In the search for new active pharmaceutical ingredients, the precise control of the chemistry of cocrystals becomes essential. One crucial step within this chemistry is proton migration between cocrystal coformers to form a salt, usually anticipated by the empirical ΔpKa rule. Due to the effective role it plays in modifying intermolecular distances and interactions, pressure adds a new dimension to the ΔpKa rule. Still, this variable has been scarcely applied to induce proton-transfer reactions within these systems.
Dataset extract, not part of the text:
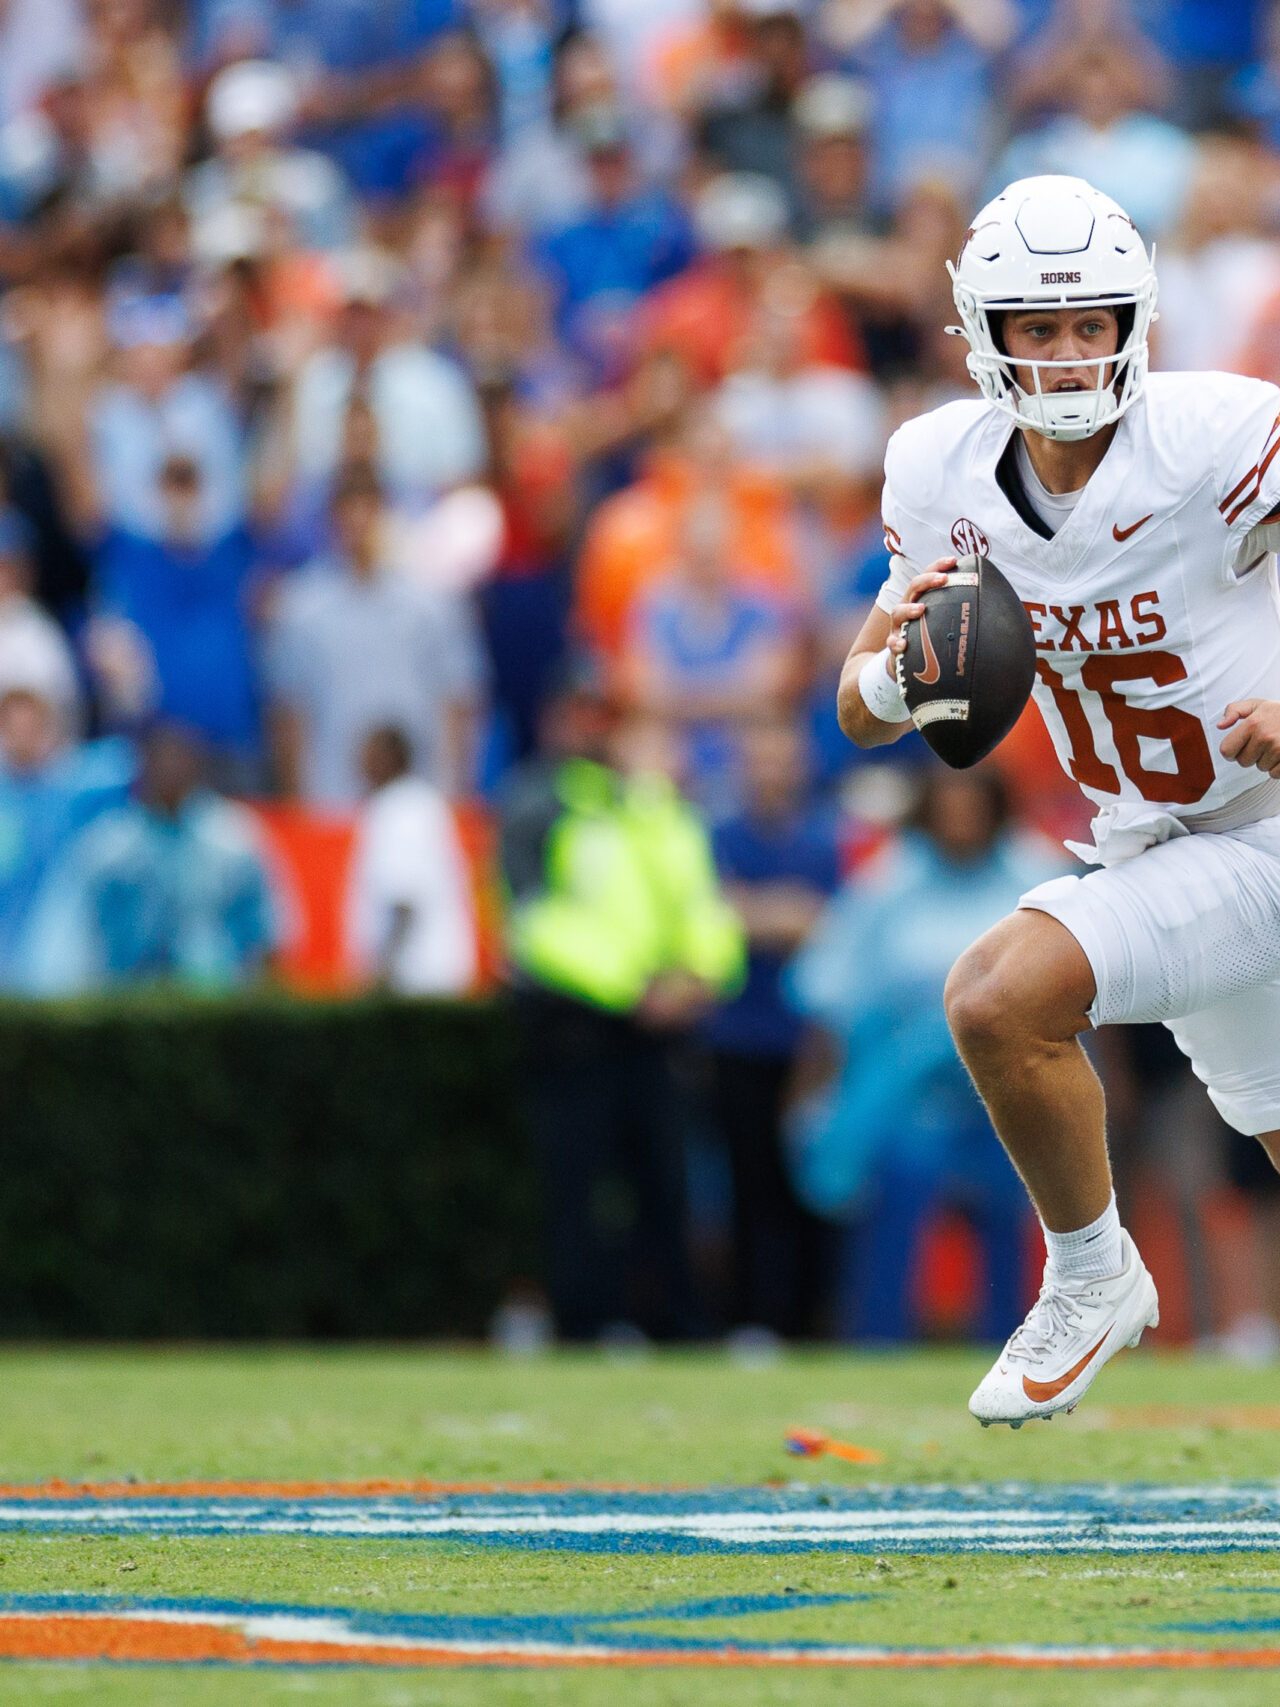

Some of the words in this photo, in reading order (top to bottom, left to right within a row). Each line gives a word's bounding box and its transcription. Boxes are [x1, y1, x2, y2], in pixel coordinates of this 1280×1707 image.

In our study, high-pressure X-ray diffraction and Raman spectroscopy experiments, supported by DFT calculations, reveal modifications to the protonation states of the 4,4'-bipyridine (BIPY) and malonic acid (MA) cocrystal (BIPYMA) that allow the conversion of the cocrystal phase into ionic salt polymorphs. On compression, neutral BIPYMA and monoprotonated (BIPYH+MA-) species coexist up to 3.1 GPa, where a phase transition to a structure of P21/c symmetry occurs, induced by a double proton-transfer reaction forming BIPYH22+MA2-. The low-pressure C2/c phase is recovered at 2.4 GPa on decompression, leading to a 0.7 GPa hysteresis pressure range. This is one of a few studies on proton transfer in multicomponent crystals that shows how susceptible the interconversion between differently charged species is to even slight pressure changes, and how the proton transfer can be a triggering factor leading to changes in the crystal symmetry. These new data, coupled with information from previous reports on proton-transfer reactions between coformers, extend the applicability of the ΔpKa rule incorporating the pressure required to induce salt formation.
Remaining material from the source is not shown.